Mooning Over Mars
if humans are to make it to mars, however, it will take much more than excitement. The successful flights of astronauts to the moon and back during the Apollo program of 1968 to 1972 rank as some of the greatest historical achievements of human technology; engineers overcame challenges in dozens of fields, including propulsion, thermal protection, communications and navigation, in a coordinated fashion. But the technological challenge of a manned mission to Mars represents a different order of magnitude.

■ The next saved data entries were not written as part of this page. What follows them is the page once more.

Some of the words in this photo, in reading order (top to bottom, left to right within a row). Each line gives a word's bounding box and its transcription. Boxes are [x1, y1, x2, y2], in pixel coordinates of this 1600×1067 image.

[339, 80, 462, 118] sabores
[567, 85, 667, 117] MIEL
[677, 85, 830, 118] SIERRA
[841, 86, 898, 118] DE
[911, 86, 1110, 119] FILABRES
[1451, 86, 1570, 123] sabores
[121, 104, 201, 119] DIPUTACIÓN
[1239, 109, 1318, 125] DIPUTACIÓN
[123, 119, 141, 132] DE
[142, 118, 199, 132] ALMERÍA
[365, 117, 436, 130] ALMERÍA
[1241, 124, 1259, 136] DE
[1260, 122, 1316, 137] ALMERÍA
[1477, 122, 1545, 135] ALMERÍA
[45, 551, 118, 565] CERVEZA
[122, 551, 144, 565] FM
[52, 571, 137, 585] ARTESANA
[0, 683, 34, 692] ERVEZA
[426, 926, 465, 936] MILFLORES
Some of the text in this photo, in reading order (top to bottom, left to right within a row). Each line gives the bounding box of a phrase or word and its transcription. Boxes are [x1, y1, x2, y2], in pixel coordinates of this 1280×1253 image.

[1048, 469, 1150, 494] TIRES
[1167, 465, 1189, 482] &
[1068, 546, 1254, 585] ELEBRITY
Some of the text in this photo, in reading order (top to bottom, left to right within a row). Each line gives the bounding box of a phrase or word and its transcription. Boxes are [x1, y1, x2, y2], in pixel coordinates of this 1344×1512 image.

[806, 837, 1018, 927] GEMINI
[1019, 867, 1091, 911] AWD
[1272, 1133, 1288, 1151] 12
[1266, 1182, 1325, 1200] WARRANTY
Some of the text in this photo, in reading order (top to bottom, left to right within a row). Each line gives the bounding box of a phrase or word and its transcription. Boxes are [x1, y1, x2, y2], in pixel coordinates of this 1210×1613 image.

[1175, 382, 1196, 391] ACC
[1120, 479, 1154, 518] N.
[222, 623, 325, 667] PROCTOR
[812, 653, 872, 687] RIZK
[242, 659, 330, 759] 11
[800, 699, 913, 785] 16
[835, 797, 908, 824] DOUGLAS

Consider the basic numbers. One three-man Apollo mission used a single Saturn-V booster that placed about 120,000 kilograms of spacecraft and propellant in a low “parking orbit” just beyond the edge of Earth’s atmosphere. After another rocket firing and a three-day voyage, two of the crew landed on the moon and spent several days venturing out onto the surface to collect specimens, take photographs and deploy instruments. Total mission duration for one of the Apollo flights was 10 to 12 days.
For Mars, many of these figures would go up dramatically. Most mission strategies require assembling a vehicle in parking orbit out of several components launched separately, adding up to 400,000 to 500,000 kilograms. The outbound voyage would last six to 10 months, followed by a sojourn on the martian surface lasting more than a year; during that time, crew members would make hundreds of trips outside rather than the three or four that Apollo spacesuits, tortured by rough usage and abrasive lunar dust, barely completed. The full mission would take close to three years and the astronauts’ exposure to medical hazards such as long-term weightlessness and cosmic rays would be 100 times higher than it was for the lunar missions.
So at first glance, a Mars mission seems as though it would be many times more difficult than the lunar landings, and consequently many times more expensive (in current dollars, Apollo cost about $80 billion). But in the view of experienced space planners and economists, space technology has already reached levels that would enable Mars missions at costs equal to or even less than those of the Apollo program (see “Cheap Seats?,” right).